I was in Cambria Bike Auburn a couple of weeks ago and asked the same question to the Trek rep who was in the the shop at the time. He basically told me that the availabilty of the True Temper tubing was more consistent and that they were having troubles getting enough of the Reynolds to supply the demand for their bikes. I have a feeling that it was a matter of pricing, I think that the True Temper OX may be cheaper for trek to buy large quantitys....For what its worth my Waterford is partially made of True Temper OX. It is good stuff and I doubt you would be able to notice a difference.


----------



## scrublover (Oct 1, 2002)

pretty much the same take on an air hardened steel, just from two different companies. from what i understand, they should ride/feel about the same. i have two mtbs, one with ox, one with 853. ride/feel the same. granted, big fat tires are likely masking any small differences. 

it's good stuff.


----------



## MR_GRUMPY (Aug 21, 2002)

True Temper OX Plat is offered in more tube sizes, but if you had two 1 1/8 top tubes side by side, there would be little difference.


----------



## EMR (Apr 5, 2002)

*04 Buenos Aires*

From what I understand both are great tubesets with similar 'air hardening qualities'.
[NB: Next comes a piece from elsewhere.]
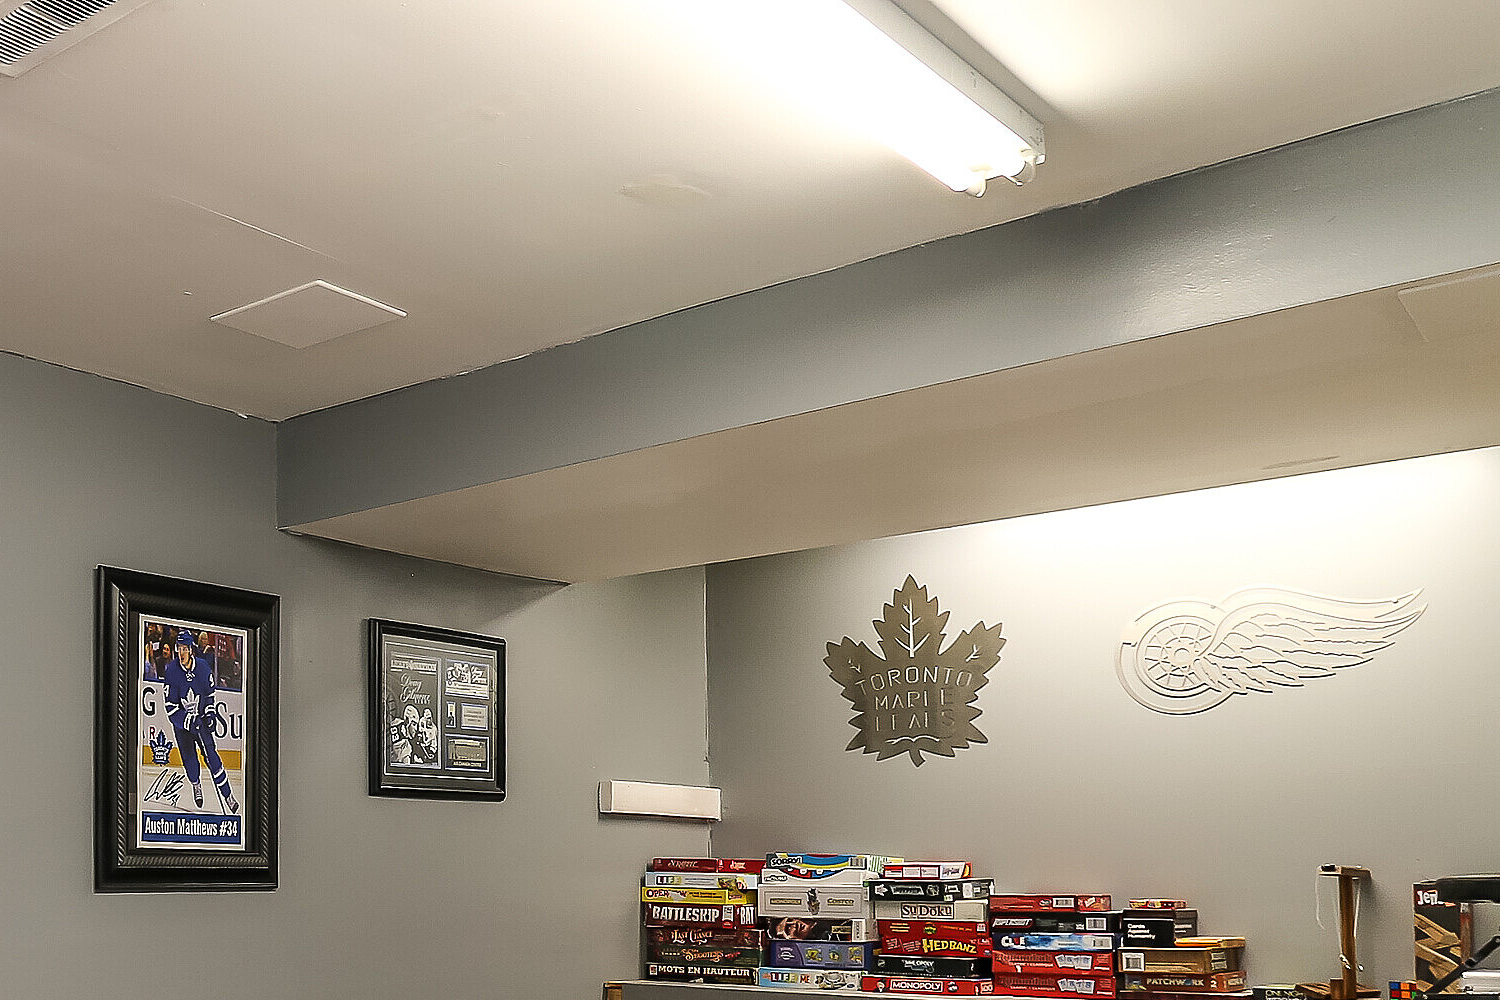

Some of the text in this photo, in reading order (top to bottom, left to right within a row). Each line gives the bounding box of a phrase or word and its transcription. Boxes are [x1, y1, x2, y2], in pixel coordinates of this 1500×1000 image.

Post a short review after you take that bike for a spin. I saw one at the LBS and was totally amazed at Trek/Lemond's design and combination of materials on this frame.


----------



## thrmaln (Feb 16, 2004)

Hey Guys,

Thanks for the replies. I called a tech at Lemond and he said that they switched over to True Temper because true temper has made some great strides in their tubing over the last few years and it is just as good as the 853. He also said that another factor in their decision is that the True temper tubing withstands rust much more than the 853. I am a design engineer and looked up the specs of both tubes. I was amazed just how strong these tubes are. The TT tubing has a ultimate yield strength (amount of pressure required to induce fatigue) of 217ksi (217,000 psi). That is amazing. I use high tech alloy stainless steels in hydraulic fittings that have a yield around 230 to 280ksi and it is insanely expensive. It is amazing to see that the steel tubing we use is just as high tech and is affordable enough to build bikes from.

Thanks again,

Marc Webster


----------



## froze (Sep 15, 2002)

Good job you answered your own question. My understanding is that the two tube sets are very similar in the fatigue area you quoted with the 853 around 200ksi and the OX around 215 (or 217)ksi...one would never notice the difference. The True Temper is a seamed tube whereas the Reynolds is seamless...again nothing of any concern of one vs the other. I have not heard about the rust issue, but my understanding is both are treated with zinc that prevents rust anyway, if you were real concern and going to lose sleep over the rust issue you could treat the inside of the tubing with Frame Savor to enhance rust prevention. Both are excellent frames, but anyone's top line frame today is going to be a superior product than what it was just 5 years ago. If my 531 steel frame that was never rust treated, is 20 years old with over 140,000 miles on it is still going strong today with no signs of rust, then these new modern frames should outperform mine!


----------



## al0 (Jan 24, 2003)

froze said:


> Good job you answered your own question. My understanding is that the two tube sets are very similar in the fatigue area you quoted with the 853 around 200ksi and the OX around 215 (or 217)ksi...one would never notice the difference.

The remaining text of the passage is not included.